= John Angus Weir =

University president (1930-2007)

John Angus Weir (October 29, 1930 – August 28, 2007) was the fourth president of Wilfrid Laurier University, serving from 1982 until his retirement in 1992. Weir was born to J. Angus and Mary in Charlottetown, Prince Edward Island, on October 29, 1930. He was usually called "Jack". He has a brother named Robert. Weir graduated from St. Dunstan's University (now known as the University of Prince Edward Island with a Bachelor of Arts in 1953. He then moved to London, Ontario, where he received his master of business administration degree from the University of Western Ontario in 1955. Weir moved to Kitchener, Ontario to work at a company called Electrohome.

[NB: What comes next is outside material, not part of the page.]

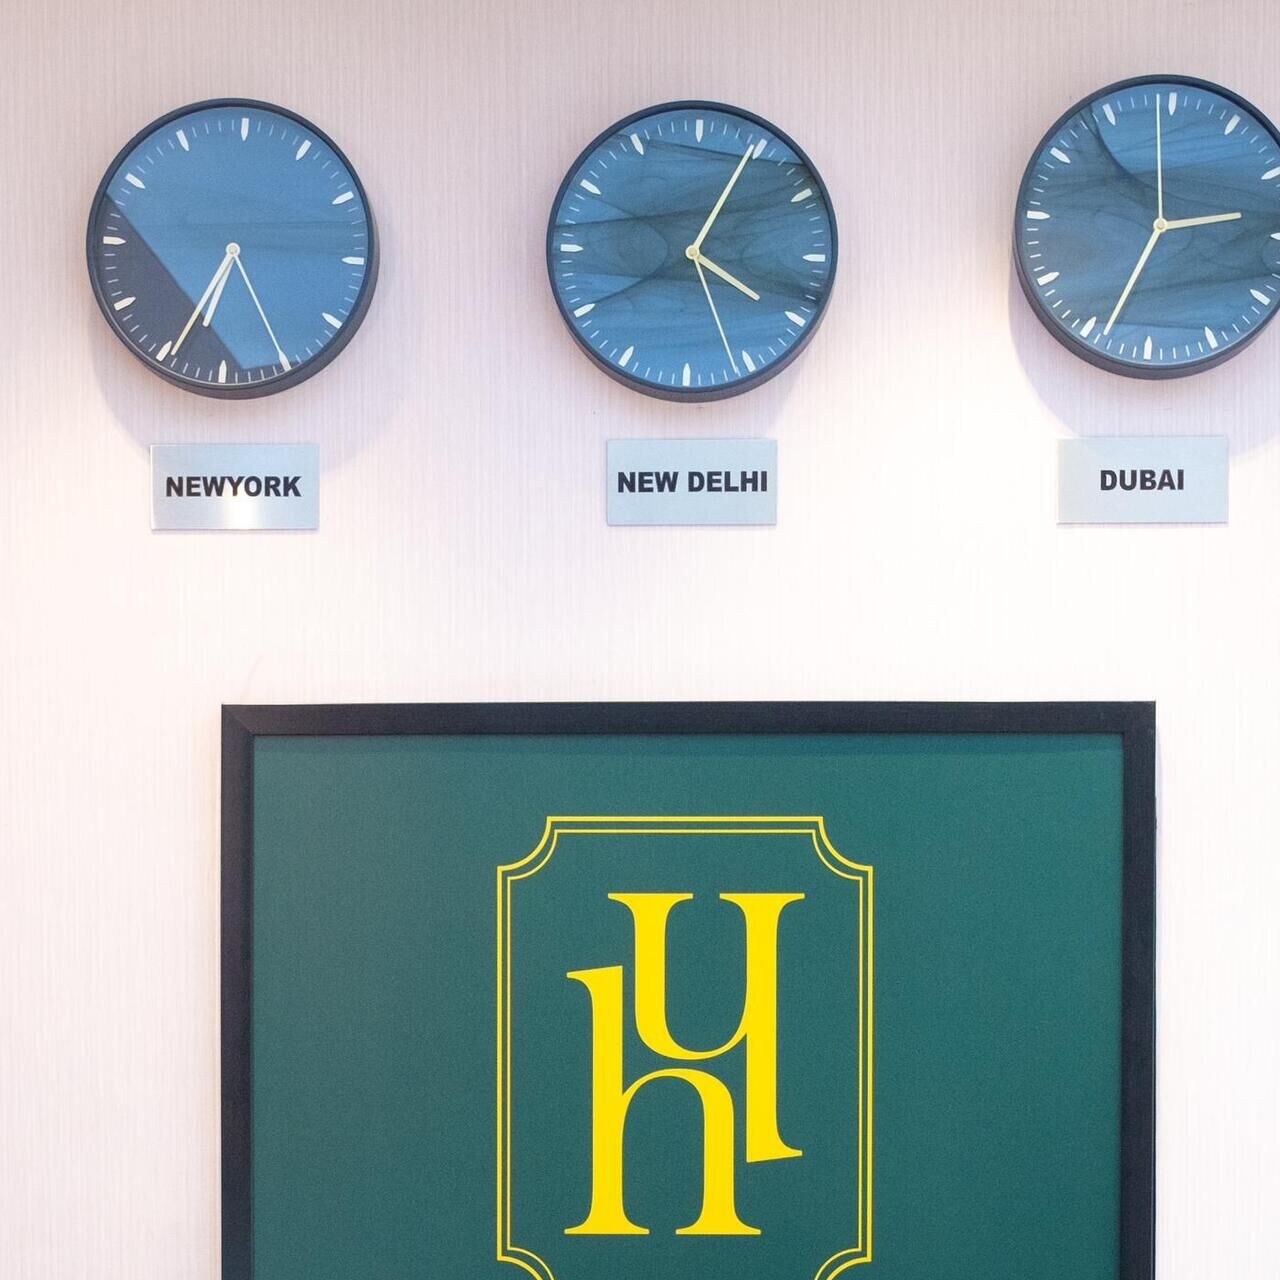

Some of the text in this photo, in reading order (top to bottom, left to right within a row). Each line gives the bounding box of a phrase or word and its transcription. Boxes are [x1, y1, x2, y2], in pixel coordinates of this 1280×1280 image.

He later moved to South Bend, Indiana, to continue his education. This resulted in him receiving his PhD in economics from the University of Notre Dame in 1964. Weir and his new wife, Ann, moved to Winnipeg, Manitoba, where he took the position of professor at the University of Manitoba. His family moved back to Kitchener-Waterloo in 1965 so that Weir could take a position at Wilfrid Laurier University (then known as Waterloo Lutheran University) as a professor and chairman of the economics department from 1968 to 1978. He became vice-president of academics from 1978 to 1982, and then he eventually became the university's president from 1982 until his retirement in 1992. While university president, Weir helped form the undergraduate music therapy program in the university's Faculty of Music on February 16, 1987.

He married Ann in 1959 and had four sons. Weir died at Queen Elizabeth Hospital in Charlottetown, Prince Edward Island, Canada.